Permettez-moi de revenir sur le processus pour indiquer que d'autres experts, que nous n'avons pas cités, sont aujourd'hui consultés avant la prise de décision : il s'agit des groupes permanents d'experts, qui réunissent des experts extérieurs, des représentants scientifiques du monde de la recherche, d'anciens exploitants, etc. Sur les sujets les plus sensibles, un groupe permanent d'experts est sollicité à l'issue de l'instruction pour donner un avis, rendu public avant même que la décision soit prise. Ainsi, lorsque l'ASN a pris la décision, lourde de conséquences, de demander à EDF de réparer les soudures de traversée d'enceinte de l'EPR, un travail d'expertise avait été conduit en amont, dans lequel la direction des équipements sous pression de l'ASN avait joué un rôle majeur, en étroite relation avec l'IRSN. Une présentation avait été faite au groupe permanent d'experts extérieur, dont l'avis, rendu public, indiquait en résumé que la situation était telle que la clause d'exclusion de rupture, élément fondamental permettant de justifier que l'on accepte la conception faite par EDF, ne pouvait être maintenue, compte tenu des défaillances découvertes. La sollicitation d'un avis extérieur rendu public – ceci est important en termes de transparence – perdurera.

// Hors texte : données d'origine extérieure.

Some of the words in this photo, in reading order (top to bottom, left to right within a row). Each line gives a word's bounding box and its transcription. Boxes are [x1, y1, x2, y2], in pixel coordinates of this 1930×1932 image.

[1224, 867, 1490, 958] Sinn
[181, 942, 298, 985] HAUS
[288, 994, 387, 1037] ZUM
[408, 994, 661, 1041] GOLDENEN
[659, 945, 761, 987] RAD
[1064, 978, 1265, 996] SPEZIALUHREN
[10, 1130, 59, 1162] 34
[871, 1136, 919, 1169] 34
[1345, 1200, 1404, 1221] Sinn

Je pense qu'il faut veiller à ne pas être trop schématique, à ne pas considérer que l'instruction et la décision sont totalement étanches l'une de l'autre, que les instances ne communiquent pas, ne sont pas en contact avec les exploitants, ne sollicitent pas d'avis extérieur. Ce n'est pas le cas.

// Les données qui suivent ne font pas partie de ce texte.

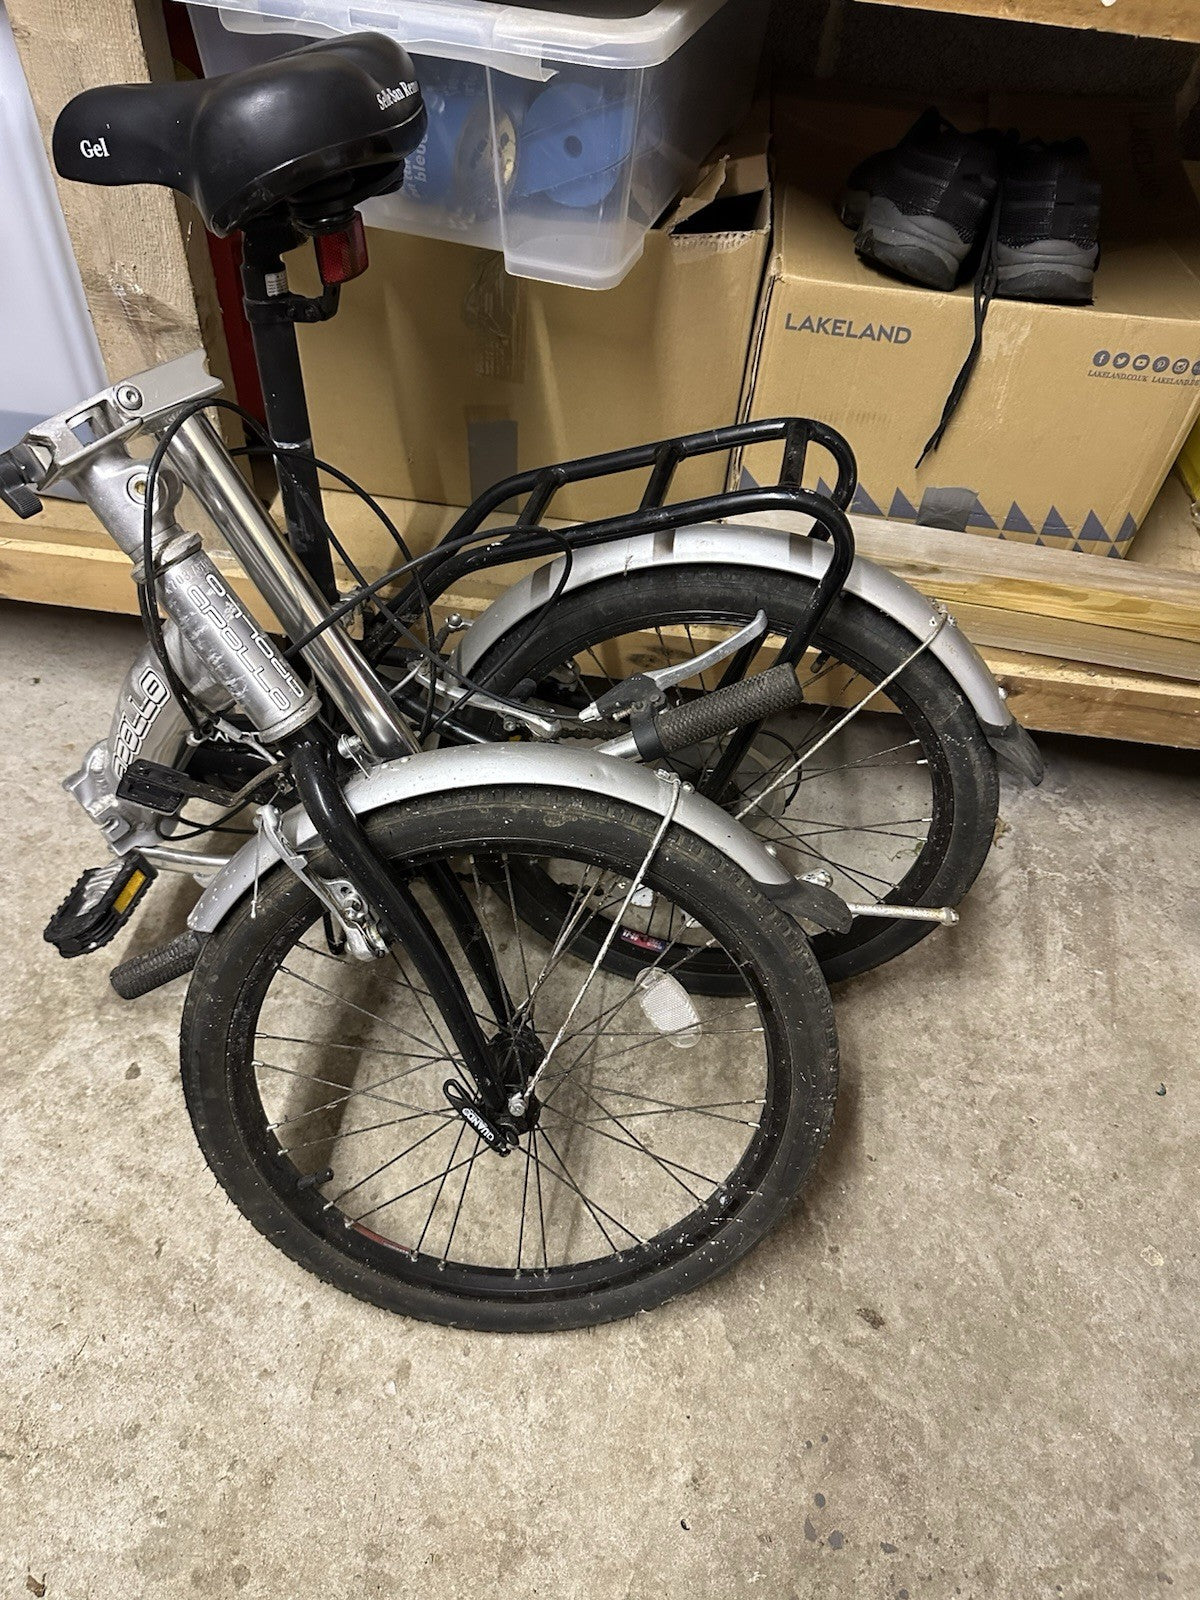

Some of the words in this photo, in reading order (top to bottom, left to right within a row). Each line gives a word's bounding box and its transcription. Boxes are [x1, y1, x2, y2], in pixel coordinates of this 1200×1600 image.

En termes de transparence, je rappelle que nous publions toutes les lettres de suites d'inspection. Nous effectuons déjà de nombreux actes de transparence, qui seront maintenus. Ceci pourrait d'ailleurs figurer dans la loi, sachant que ces pratiques ne résultent aujourd'hui d'aucune décision réglementaire ou législative.
Je pense que si le processus se poursuit – ce que je crois important –, il y aura des choses à inventer, mais que les meilleures pratiques seront conservées.

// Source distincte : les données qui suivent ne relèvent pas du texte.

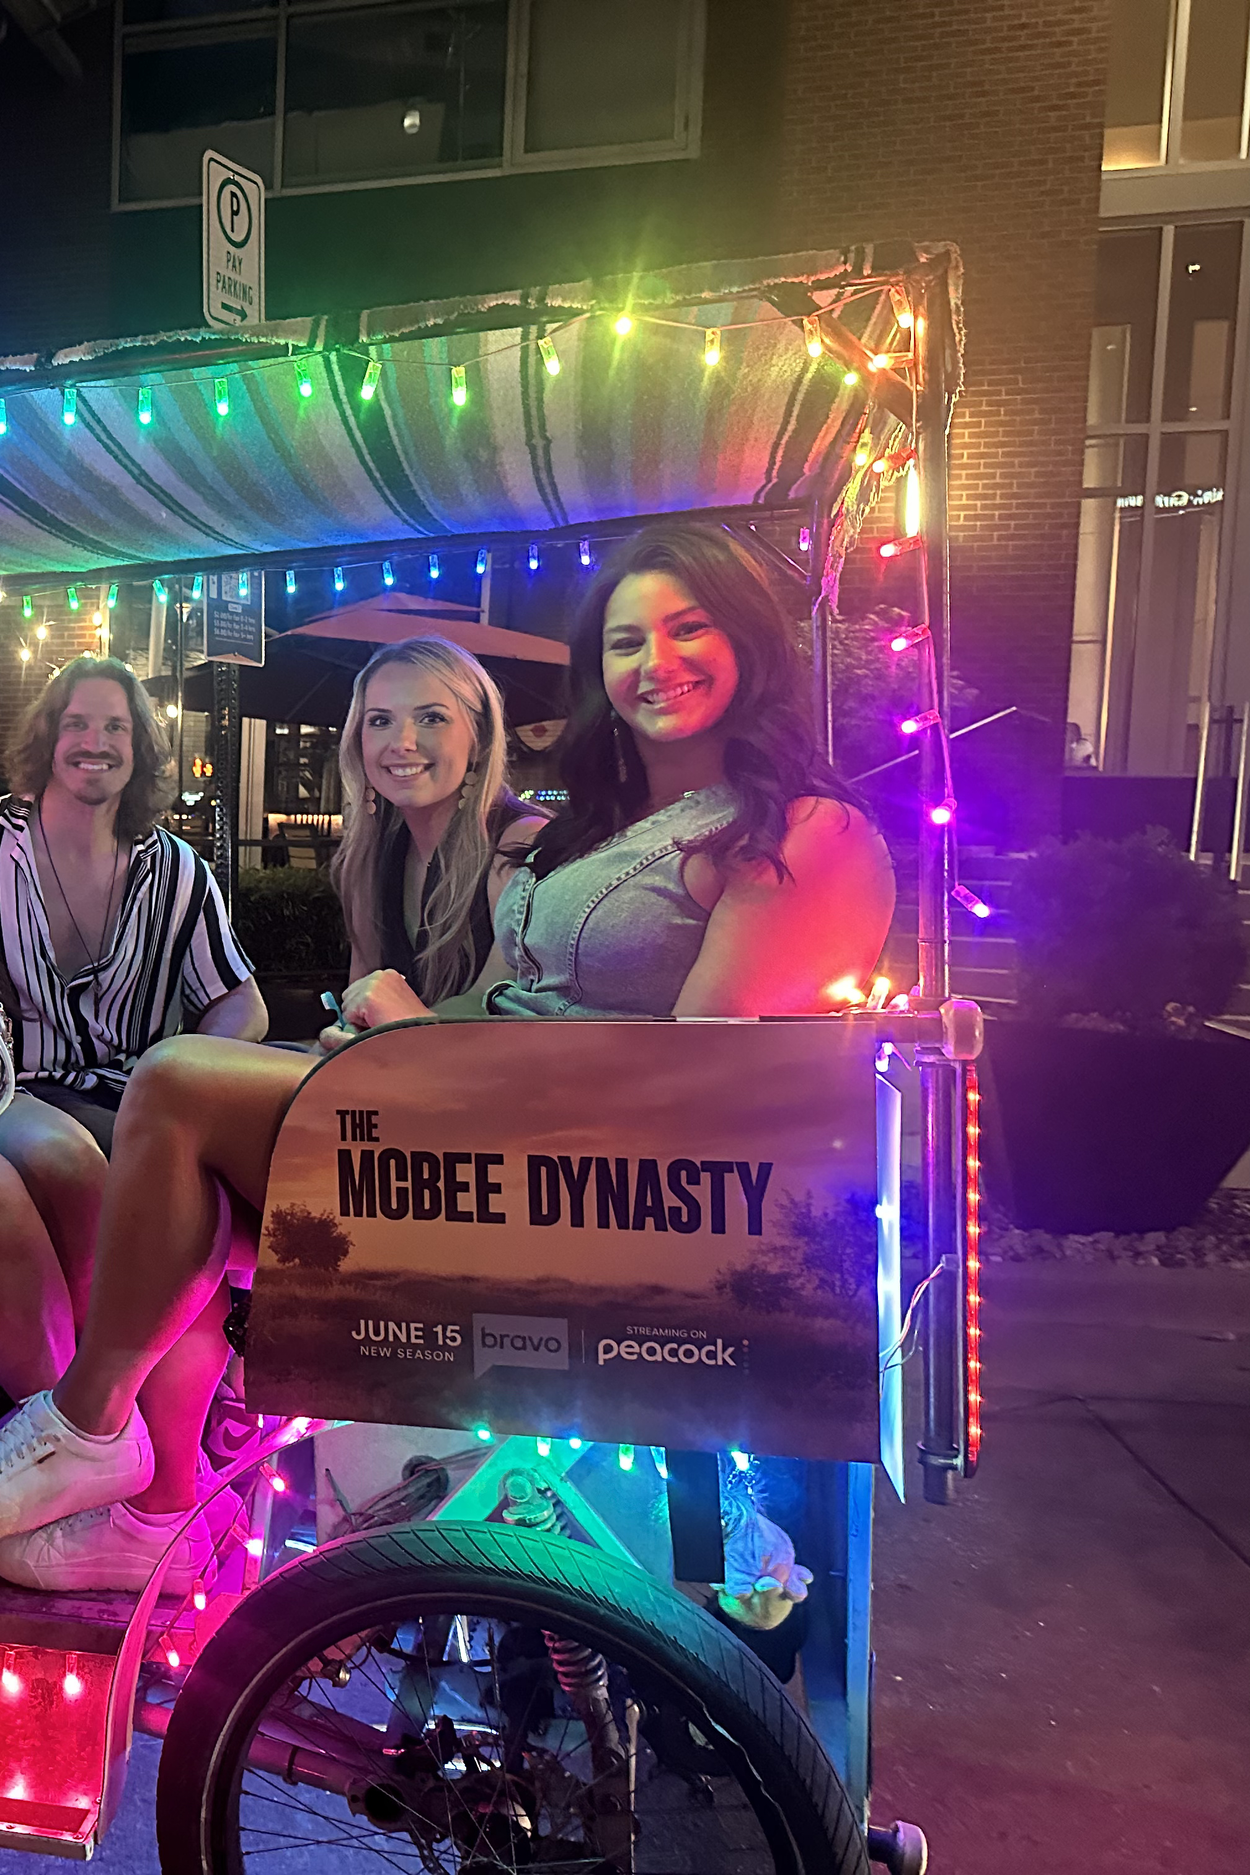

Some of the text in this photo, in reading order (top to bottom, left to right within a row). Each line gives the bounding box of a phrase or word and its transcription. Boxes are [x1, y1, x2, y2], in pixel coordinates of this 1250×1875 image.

[230, 190, 240, 233] P
[226, 251, 243, 276] PAY
[216, 272, 253, 306] PARKING
[336, 1109, 380, 1142] THE
[337, 1148, 773, 1236] MCBEE DYNASTY
[351, 1319, 462, 1347] JUNE 15
[481, 1327, 562, 1354] bravo
[626, 1325, 707, 1339] STREAMING ON
[360, 1345, 454, 1362] NEW SEASON
[598, 1338, 737, 1367] peacock

Je termine en évoquant les avantages qu'il y aurait, de mon point de vue, à la mise en place d'une telle organisation. J'attache tout d'abord énormément d'importance à la capacité globale à appuyer le Gouvernement en situation d'urgence. Le système actuel est fractionné. L'expertise de l'IRSN en matière de gestion des situations de crise et d'outils de prévision est mondialement reconnue. L'ASN dispose également, bien évidemment, d'un centre de crise. En situation de crise aujourd'hui, le système prévoit que l'IRSN établisse, au vu des informations dont il dispose et du dialogue avec l'exploitant, un diagnostic de la situation et se projette sur les événements qui pourraient survenir par la suite. Le résultat de cette expertise est transmis à l'ASN, qui est en contact avec le Gouvernement pour proposer des recommandations en matière de gestion de crise. Or, ce système n'est pas réaliste : en cas de crise, il faut aller plus vite, que les équipes soient totalement intégrées. Le fait d'avoir un système nouveau permettrait d'adopter une approche mieux intégrée de la gestion de telles situations.